(Excerpts from a dataset)

————

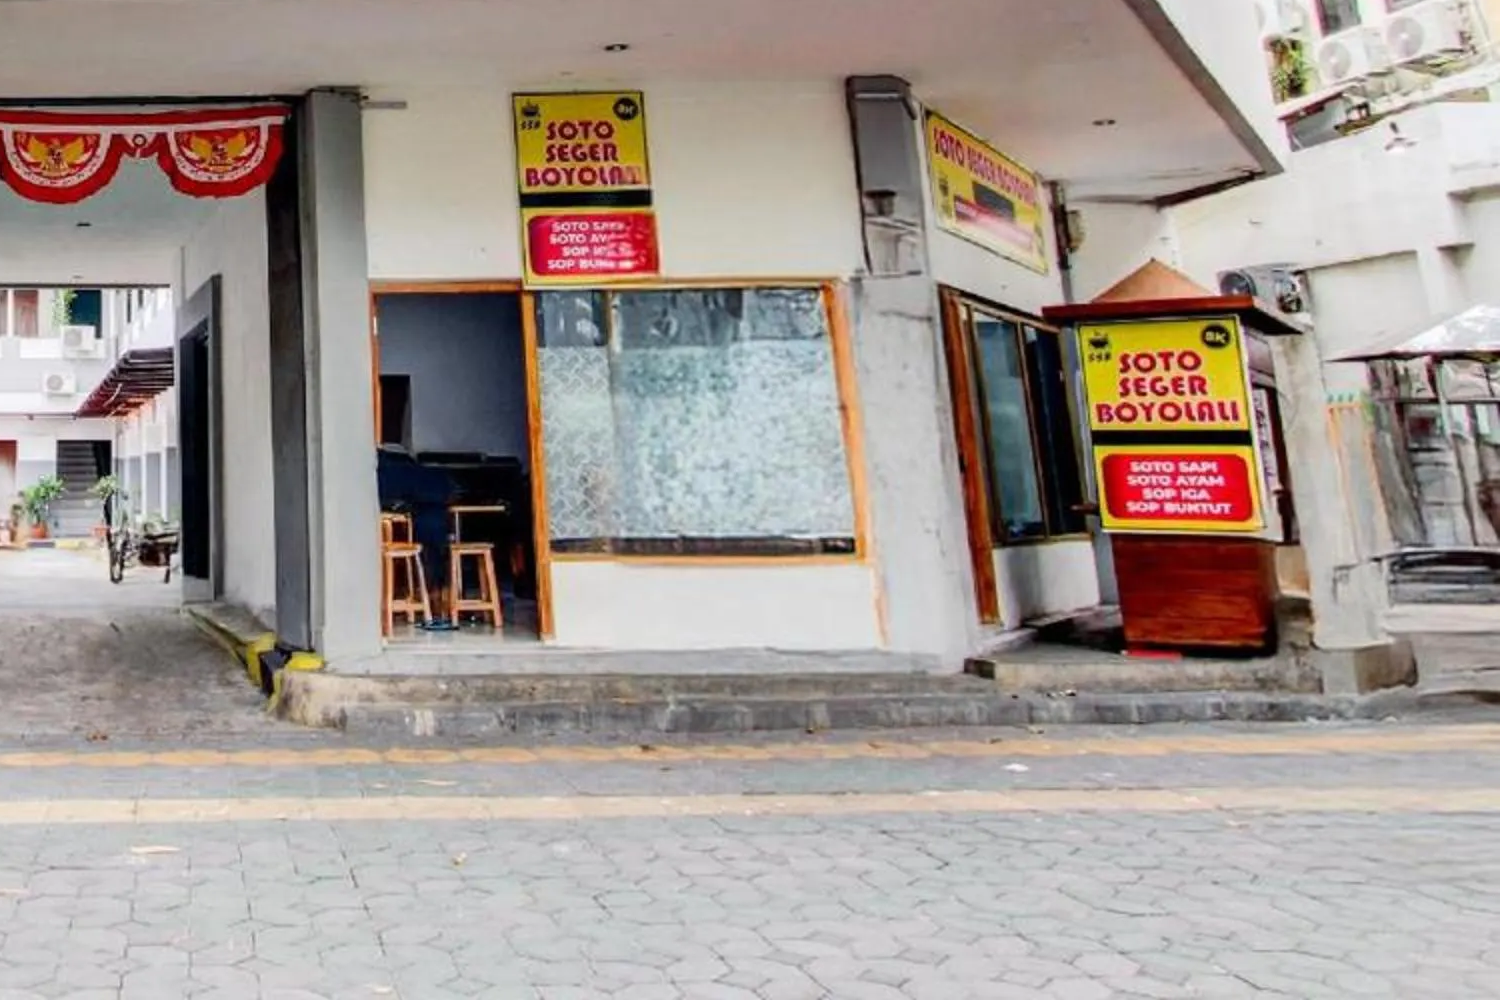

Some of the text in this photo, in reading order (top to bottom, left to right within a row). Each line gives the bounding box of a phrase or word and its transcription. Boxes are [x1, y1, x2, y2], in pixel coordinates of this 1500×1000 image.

[546, 120, 615, 141] SOTO
[546, 142, 619, 163] SEGER
[553, 221, 589, 233] SOTO
[550, 233, 630, 245] SOTO AY
[1119, 350, 1202, 373] SOTO
[1119, 375, 1208, 397] SEGER
[1095, 401, 1240, 423] BOYOLALI
[1130, 461, 1218, 473] SOTO SAPI
[1126, 475, 1225, 486] SOTO AYAM
[1142, 488, 1211, 499] SOP IGA
[1126, 501, 1160, 512] SOP
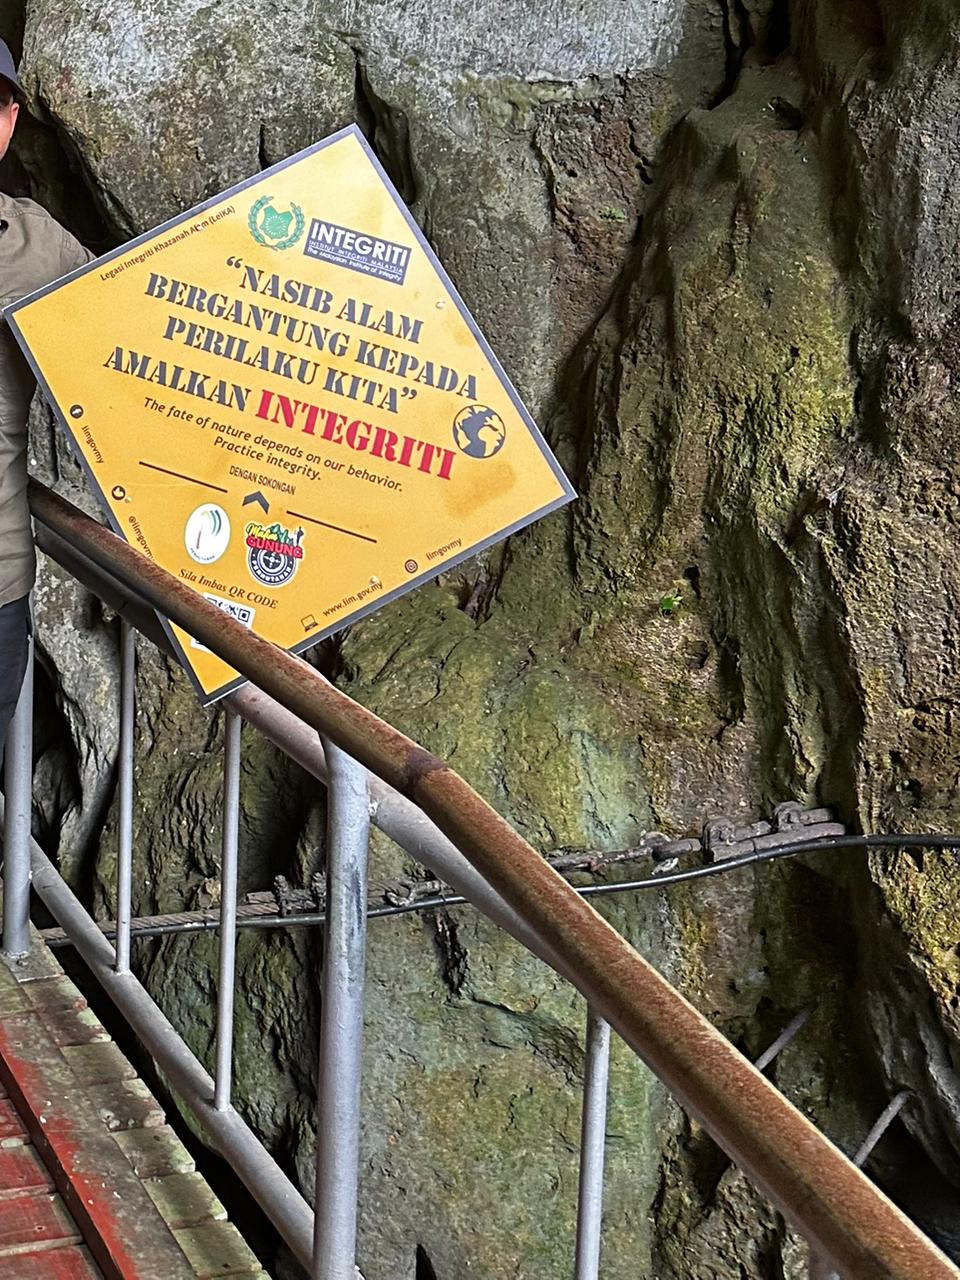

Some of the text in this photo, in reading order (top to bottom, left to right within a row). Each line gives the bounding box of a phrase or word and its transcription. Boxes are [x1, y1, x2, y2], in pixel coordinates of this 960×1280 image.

————

* [EXERCISE DETAILS]
Your answer must be an exact transcription of the records above, minus the pictures.

* [RESULT]
Some of the text in this photo, in reading order (top to bottom, left to right within a row). Each line gives the bounding box of a phrase or word and its transcription. Boxes are [x1, y1, x2, y2], in pixel coordinates of this 1500×1000 image.

[546, 120, 615, 141] SOTO
[546, 142, 619, 163] SEGER
[553, 221, 589, 233] SOTO
[550, 233, 630, 245] SOTO AY
[1119, 350, 1202, 373] SOTO
[1119, 375, 1208, 397] SEGER
[1095, 401, 1240, 423] BOYOLALI
[1130, 461, 1218, 473] SOTO SAPI
[1126, 475, 1225, 486] SOTO AYAM
[1142, 488, 1211, 499] SOP IGA
[1126, 501, 1160, 512] SOP

Some of the text in this photo, in reading order (top to bottom, left to right within a row). Each line gives the bounding box of a phrase or word and its transcription. Boxes are [x1, y1, x2, y2], in pixel coordinates of this 960×1280 image.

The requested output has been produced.